Chicago Mayor Brandon Johnson once stated he would not remove selective admissions and enrollment policies in the city’s schools but it appears that is the direction his Board of Education is headed.
Chicago Public Schools could move back to a neighborhood school approach, potentially eliminating the selective enrollment and magnet schools currently employed in the Windy City.
“A resolution up for a vote by the board on Thursday lays out a framework for a five-year ‘transformational’ strategic plan that the CPS CEO will present to the board in the summer,” according to the Chicago Sun-Times. “It calls for a ‘transition away from privatization and admissions/enrollment policies and approaches that further stratification and inequity in CPS and drive student enrollment away from neighborhood schools.'”
“The ideas align with the education platform Johnson campaigned on — and, like his campaign material, the framework offers few details,” the outlet continued.
However, an opinion piece written by the editors of the Chicago Tribune noted: “During his campaign for mayor, Brandon Johnson put out a statement saying that he would not get rid of Chicago’s selective-enrollment schools,” adding that the “precise words released by his campaign were, ‘a Johnson administration would not end selective enrollment at CPS schools.'”

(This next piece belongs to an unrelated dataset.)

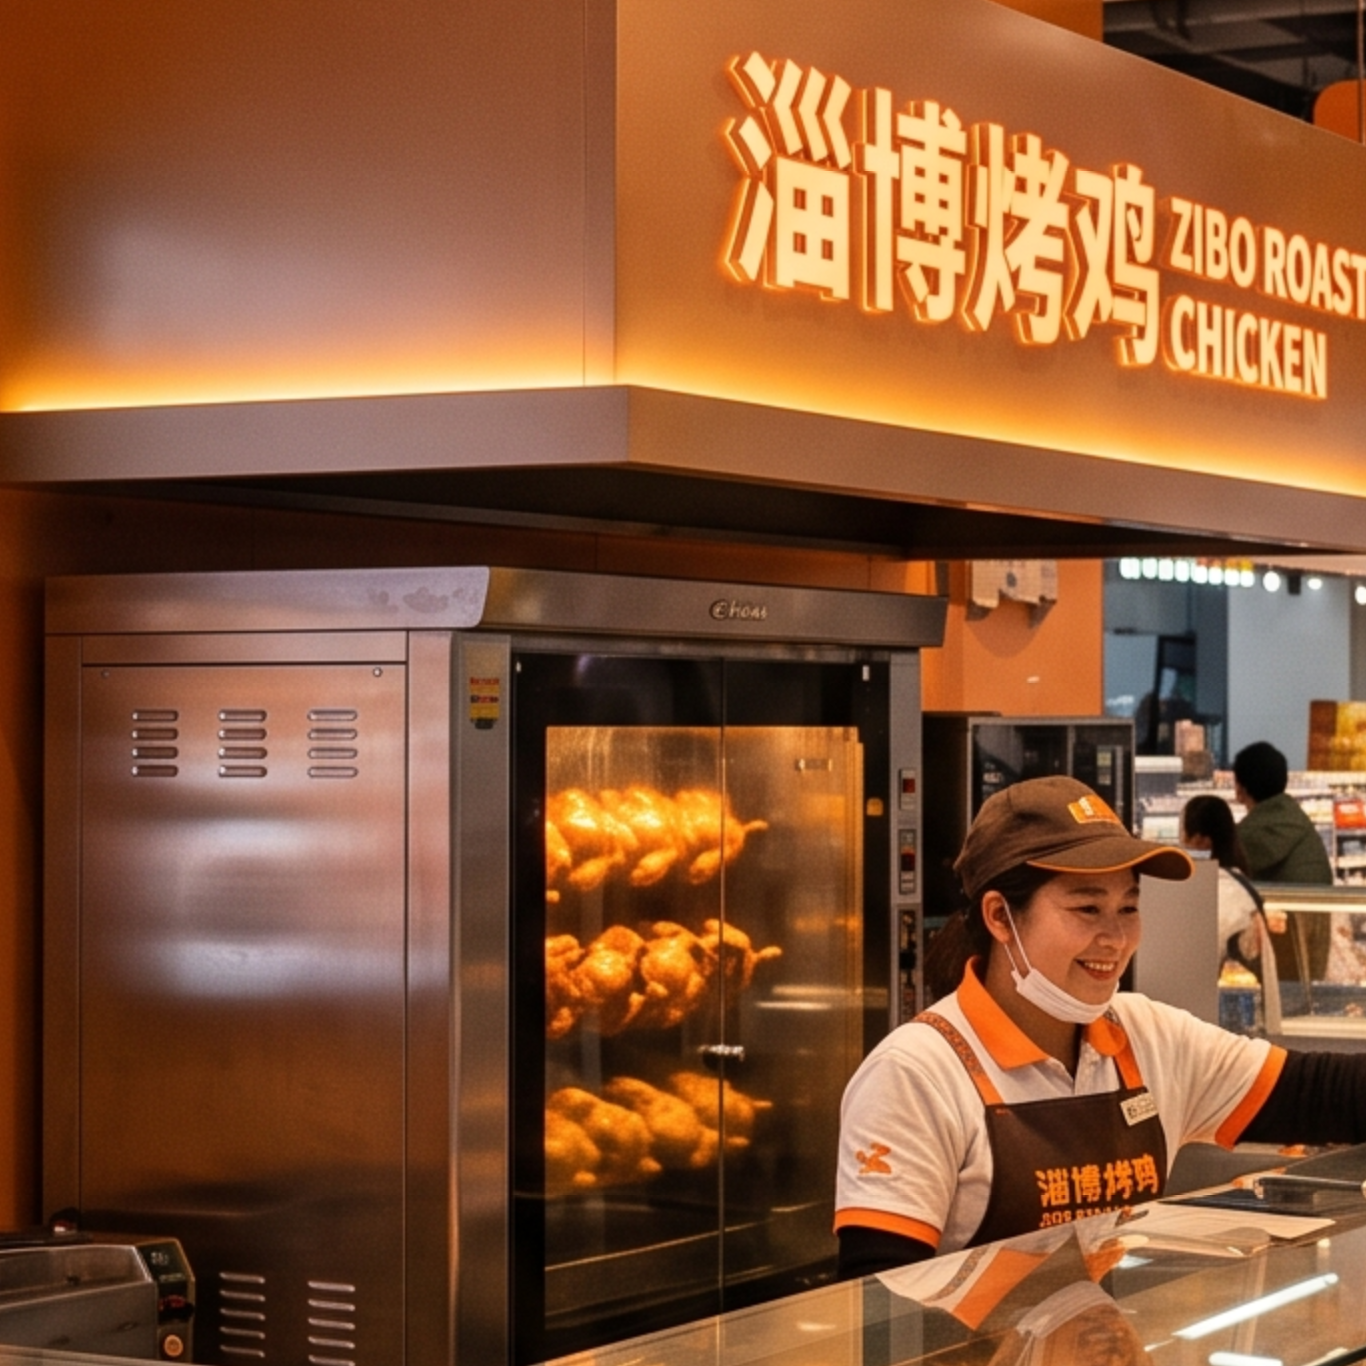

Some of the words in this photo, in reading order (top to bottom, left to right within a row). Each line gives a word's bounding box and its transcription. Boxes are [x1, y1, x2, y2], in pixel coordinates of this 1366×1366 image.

“One of the main components of this five-year strategic plan is to disrupt cycles of inequity and bring resources to communities that have been harmed historically and continue to be harmed today,” Rudy Lozano, Jr., Chicago Board of Education member, said.
According to the Chicago Sun-Times:
Some 76% of high school students and 45% of elementary school students do not attend their assigned neighborhood schools. Chicago used to be a neighborhood-based school system, but has moved away from that model over the last 25 years. Just six years ago, CPS officials set up a new application system where they said they wanted every eighth grader to apply for high school, rather than automatically go to their neighborhood school.

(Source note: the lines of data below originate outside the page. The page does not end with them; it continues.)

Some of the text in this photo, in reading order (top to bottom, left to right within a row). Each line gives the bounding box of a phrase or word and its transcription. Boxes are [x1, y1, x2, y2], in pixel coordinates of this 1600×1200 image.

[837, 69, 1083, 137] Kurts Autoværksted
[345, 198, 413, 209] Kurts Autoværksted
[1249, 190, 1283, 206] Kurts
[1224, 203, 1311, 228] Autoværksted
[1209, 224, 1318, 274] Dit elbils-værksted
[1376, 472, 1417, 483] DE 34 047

Leaders said they don’t foresee dismantling specialty schools such as selective-enrollment, magnet and charter schools, and families will continue to be able to choose those options. Some of the city’s selective schools consistently rank among the top in the state and the country.

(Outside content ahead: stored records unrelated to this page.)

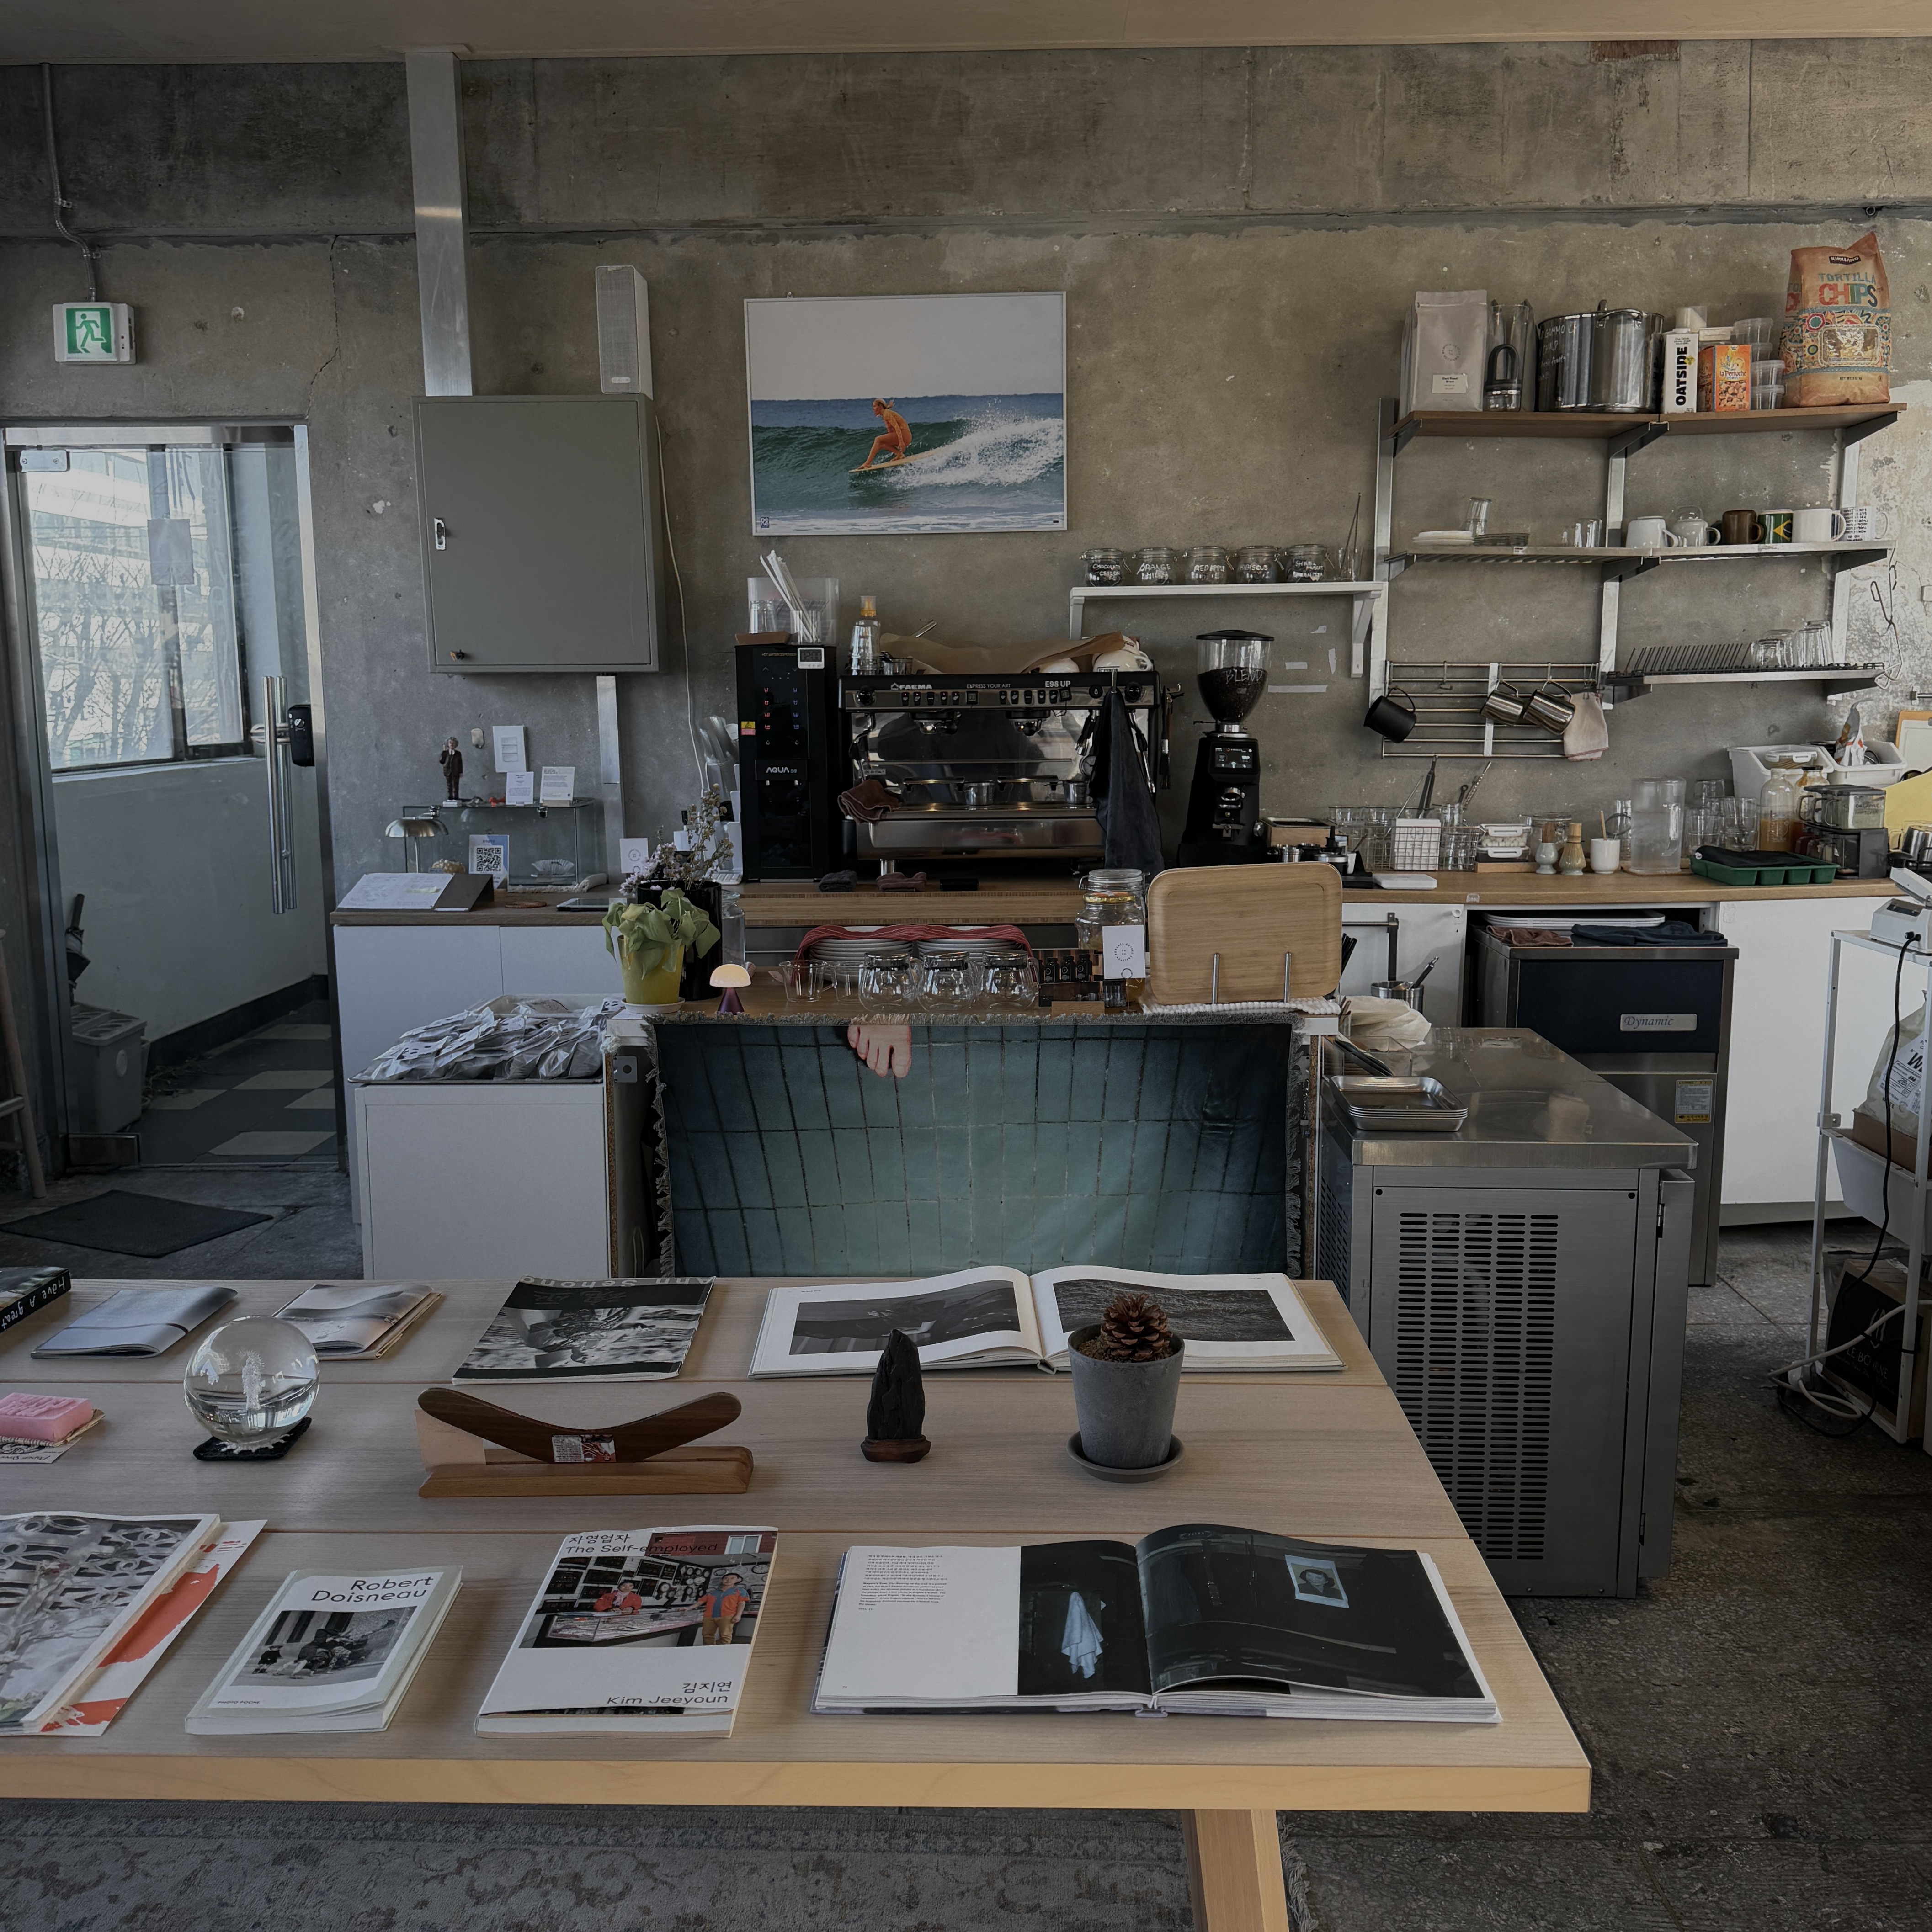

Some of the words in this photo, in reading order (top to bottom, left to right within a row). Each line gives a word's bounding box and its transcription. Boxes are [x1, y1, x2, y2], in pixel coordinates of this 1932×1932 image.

[1818, 272, 1876, 285] TORTILLA
[1819, 283, 1878, 308] CHIPS
[1676, 347, 1687, 406] OATSIDE
[1137, 563, 1171, 574] ORANGE
[1224, 669, 1263, 684] BLEND
[1624, 1016, 1674, 1029] Dynamic
[42, 1276, 65, 1299] have
[29, 1295, 36, 1307] A
[1, 1301, 23, 1329] great
[1847, 1348, 1856, 1359] LE
[568, 1533, 631, 1545] 자영업자
[601, 1543, 717, 1555] Self-employed
[351, 1576, 434, 1590] Robert
[311, 1589, 426, 1603] Doisneau
[681, 1681, 732, 1693] 김지연
[649, 1696, 728, 1705] Jeeyoun

“What’s being omitted here is that we really haven’t focused on neighborhood schools. The fact that we are even having a conversation about how we are going to invest in neighborhood schools, that is a blatant admission that we are not focusing on neighborhood schools,” Johnson said.
A new budget system is proposed under the plan which is “based on student need, prioritizing communities most impacted by racial and economic inequity, and structural disinvestment and abandonment.”
“This could be controversial, with the district facing a $670 million deficit starting in 2025. Redistributing funding could mean drastic cuts for some schools while leaving others unscathed, or even getting more,” the Sun-Times noted.
The Chicago Tribune editors focused criticism on Johnson’s apparent backpedaling on what was seen as his campaign promise.
“Some reports Wednesday suggested, without irony, that it was not the administration’s intention to ‘dismantle’ charter or selective-enrollment schools, as if the Chicago Teachers Union had not had those hated charter schools in its sights for years. And we all know who put this mayor in office,” they wrote.
“So who could possibly read that resolution and believe that selective-enrollment high schools now can breathe easy?” they asked, calling out “some spectacularly weaselly words” in the resolution.
They also called out a statement by board President Jianan Shi who told the Chicago Sun-Times that the plan “needs to be guided and informed by the community,” which they blasted as “nonsensical, self-contradictory and disingenuous blather.”
“Johnson’s people can call this resolution a roadmap, or a transition plan, or a framework, or whatever they want. They must have a very low opinion of Chicagoans’ intelligence. People will see what is going on here,” the editors noted.
“Telling kids that everyone is the same and belongs in the same classroom, and then impeding smart kids in some misguided notion of ‘equity,’ only will further harm the city of Chicago, where this administration already has done plenty of damage,” the editorial concluded. “Kids know the truth.”